Avec le blanc, on peut réécrire la vie tous les jours de façon positive. Ce fond blanc doit exister en chacun de nous. Alors parfois, il porte des rayures, des marques, des tatouages... A travers cette série, Blancs, je parle du corps, de la chair marquée, comme nos âmes, par des événements, notre cheminement depuis l'enfance, nos rencontres. Pour ces tableaux, j'utilise des scalpels, des matériaux d'ouvriers qui ne sont pas destinés à la peinture, et de la poudre de marbre que je mélange avec des polymères jusqu'à constituer des traces blanches : du blanc sur du blanc, telles des traces sur la chair, cette texture formée par la mémoire - peut-être celle de nos ancêtres, qui sait ? Mais l'art est autonome, et je pense qu'il faut laisser les visiteurs de l'exposition avoir leur propre interprétation.

Par ailleurs, j'inclus des écrans dans quelques-uns de ces tableaux (Blancs fait partie de la série White screen, NDLR) qui sont une copie exacte des formats "paysage" et "portrait", et s'inscrivent dans la continuité de l'idée-force du format du tableau qui demeure identique siècle après siècle, incontournable. Certains grands classiques traversent les époques, restent hors temps: il ne s'agit plus de ce qui est contemporain ou pas... Eteints, des écrans noirs sur fond blanc deviennent des miroirs dans/à travers lesquels on peut se regarder. A l'instar du grand artiste allemand Peter Schwarze (dit Blinky Palermo, NDLR), qui disait anticiper le futur, mon travail participe également d'une sorte d'archéologie anticipée.

Et si l'histoire de cet écran fabriqué par des humains était une métamorphose de nous-mêmes ?

L'écran est aussi un outil ?

Oui. Je crois que j'ai tiré quelque chose de positif de ces nouvelles technologies. Ces tableaux blancs représentent pour moi plusieurs années de recherche. Pour qu'ils ne jaunissent pas, j'ai analysé les matériaux, j'ai pris les tableaux en photo avec mon téléphone pour voir ce que je devais encore corriger, arranger. Sur certains d'entre eux, je peins l'écran en blanc et je le vernis.
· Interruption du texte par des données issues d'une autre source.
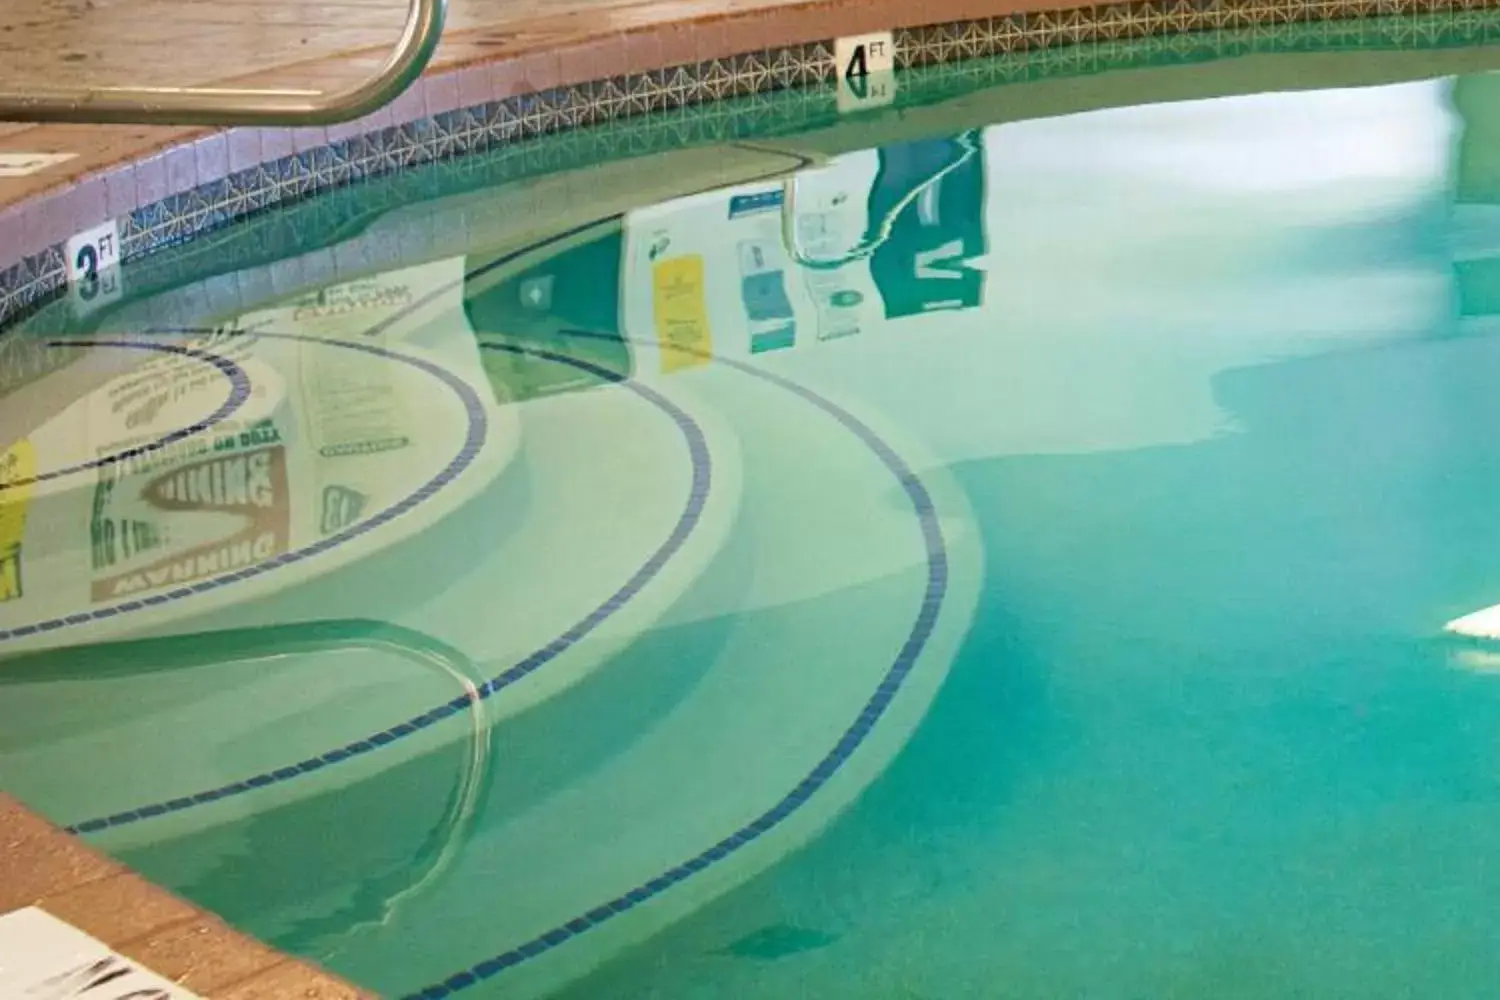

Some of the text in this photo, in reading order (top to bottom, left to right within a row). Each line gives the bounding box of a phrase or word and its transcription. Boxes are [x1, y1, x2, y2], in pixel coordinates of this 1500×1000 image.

[845, 40, 886, 82] 4 FT
[77, 232, 114, 285] 3 FT
Si la série Blancs tranche avec les précédentes, on y retrouve votre travail sur la surface, l'exploration des liens entre la profondeur et la matière/le support...

La liberté de ces œuvres me crée de l'espace. C'est un langage du corps. En art, j'aime me retrouver face à une œuvre qui ne parle pas le langage des mots, nous amène quelque part. Cela évoque soudain en moi des sensations, des émotions. Lorsque je crée, je m'analyse, je découvre des choses provenant d'un autre canal, comme si j'étais à la recherche de nouvelles ondes radio.

La salle des Blancs comprend une quinzaine d'œuvres de formats très différents, dont certains minuscules comme des bijoux et d'autres de la taille du corps, ou encore ce tableau atypique, réalisé avec des morceaux de peau de mouton que j'aime beaucoup parce qu'il procède d'un moment de folie imprévue dans l'atelier.

Enfin, le visiteur est invité à vivre cette exposition comme « un chemin de la couleur vers le minimalisme, incarné par le blanc, voyage entre ce qui est trouvé et à retrouver. » Que souhaiteriez-vous ajouter ?

Il me tient à cœur de mettre de l'humour, du sourire, du subversif, de la chaleur aussi, car e suis un Méditerranéen (sans vouloir m'enfermer dans une identité), à l'intérieur du mot "minimalisme"

Je suis né à Nice, et dans cette ville, comme à Monaco, tant de rencontres artistiques intéressantes ont déjà eu lieu depuis mon enfance. Eva Vautier me permet ici de réaliser un rêve.